■ DATA IN THIS EXERCISE
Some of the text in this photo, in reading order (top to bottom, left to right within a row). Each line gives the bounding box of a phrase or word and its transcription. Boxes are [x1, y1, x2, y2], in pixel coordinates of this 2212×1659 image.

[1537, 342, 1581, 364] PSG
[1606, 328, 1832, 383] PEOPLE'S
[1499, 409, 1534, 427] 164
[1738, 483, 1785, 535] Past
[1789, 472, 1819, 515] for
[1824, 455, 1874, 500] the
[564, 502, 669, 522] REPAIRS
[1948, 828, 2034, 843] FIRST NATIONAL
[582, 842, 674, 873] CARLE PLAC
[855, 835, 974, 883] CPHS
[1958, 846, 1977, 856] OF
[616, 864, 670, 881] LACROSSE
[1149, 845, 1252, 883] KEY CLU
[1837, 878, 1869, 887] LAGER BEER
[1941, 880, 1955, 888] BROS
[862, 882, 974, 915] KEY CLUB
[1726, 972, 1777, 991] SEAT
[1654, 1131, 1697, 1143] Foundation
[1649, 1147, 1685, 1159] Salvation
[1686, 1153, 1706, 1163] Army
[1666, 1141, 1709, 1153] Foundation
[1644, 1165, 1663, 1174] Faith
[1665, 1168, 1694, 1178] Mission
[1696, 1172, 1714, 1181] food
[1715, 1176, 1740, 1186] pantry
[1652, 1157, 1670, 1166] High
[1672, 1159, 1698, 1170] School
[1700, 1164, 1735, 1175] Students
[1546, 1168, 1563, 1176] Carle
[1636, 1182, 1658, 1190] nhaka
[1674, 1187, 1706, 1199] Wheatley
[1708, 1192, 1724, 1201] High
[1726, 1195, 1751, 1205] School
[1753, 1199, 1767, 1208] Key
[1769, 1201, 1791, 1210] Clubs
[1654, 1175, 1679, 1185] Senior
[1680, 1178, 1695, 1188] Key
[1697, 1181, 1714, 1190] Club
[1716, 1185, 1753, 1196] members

■ PROMPT
Repeat the listing above in full.

■ TASK RESPONSE
Some of the text in this photo, in reading order (top to bottom, left to right within a row). Each line gives the bounding box of a phrase or word and its transcription. Boxes are [x1, y1, x2, y2], in pixel coordinates of this 2212×1659 image.

[1537, 342, 1581, 364] PSG
[1606, 328, 1832, 383] PEOPLE'S
[1499, 409, 1534, 427] 164
[1738, 483, 1785, 535] Past
[1789, 472, 1819, 515] for
[1824, 455, 1874, 500] the
[564, 502, 669, 522] REPAIRS
[1948, 828, 2034, 843] FIRST NATIONAL
[582, 842, 674, 873] CARLE PLAC
[855, 835, 974, 883] CPHS
[1958, 846, 1977, 856] OF
[616, 864, 670, 881] LACROSSE
[1149, 845, 1252, 883] KEY CLU
[1837, 878, 1869, 887] LAGER BEER
[1941, 880, 1955, 888] BROS
[862, 882, 974, 915] KEY CLUB
[1726, 972, 1777, 991] SEAT
[1654, 1131, 1697, 1143] Foundation
[1649, 1147, 1685, 1159] Salvation
[1686, 1153, 1706, 1163] Army
[1666, 1141, 1709, 1153] Foundation
[1644, 1165, 1663, 1174] Faith
[1665, 1168, 1694, 1178] Mission
[1696, 1172, 1714, 1181] food
[1715, 1176, 1740, 1186] pantry
[1652, 1157, 1670, 1166] High
[1672, 1159, 1698, 1170] School
[1700, 1164, 1735, 1175] Students
[1546, 1168, 1563, 1176] Carle
[1636, 1182, 1658, 1190] nhaka
[1674, 1187, 1706, 1199] Wheatley
[1708, 1192, 1724, 1201] High
[1726, 1195, 1751, 1205] School
[1753, 1199, 1767, 1208] Key
[1769, 1201, 1791, 1210] Clubs
[1654, 1175, 1679, 1185] Senior
[1680, 1178, 1695, 1188] Key
[1697, 1181, 1714, 1190] Club
[1716, 1185, 1753, 1196] members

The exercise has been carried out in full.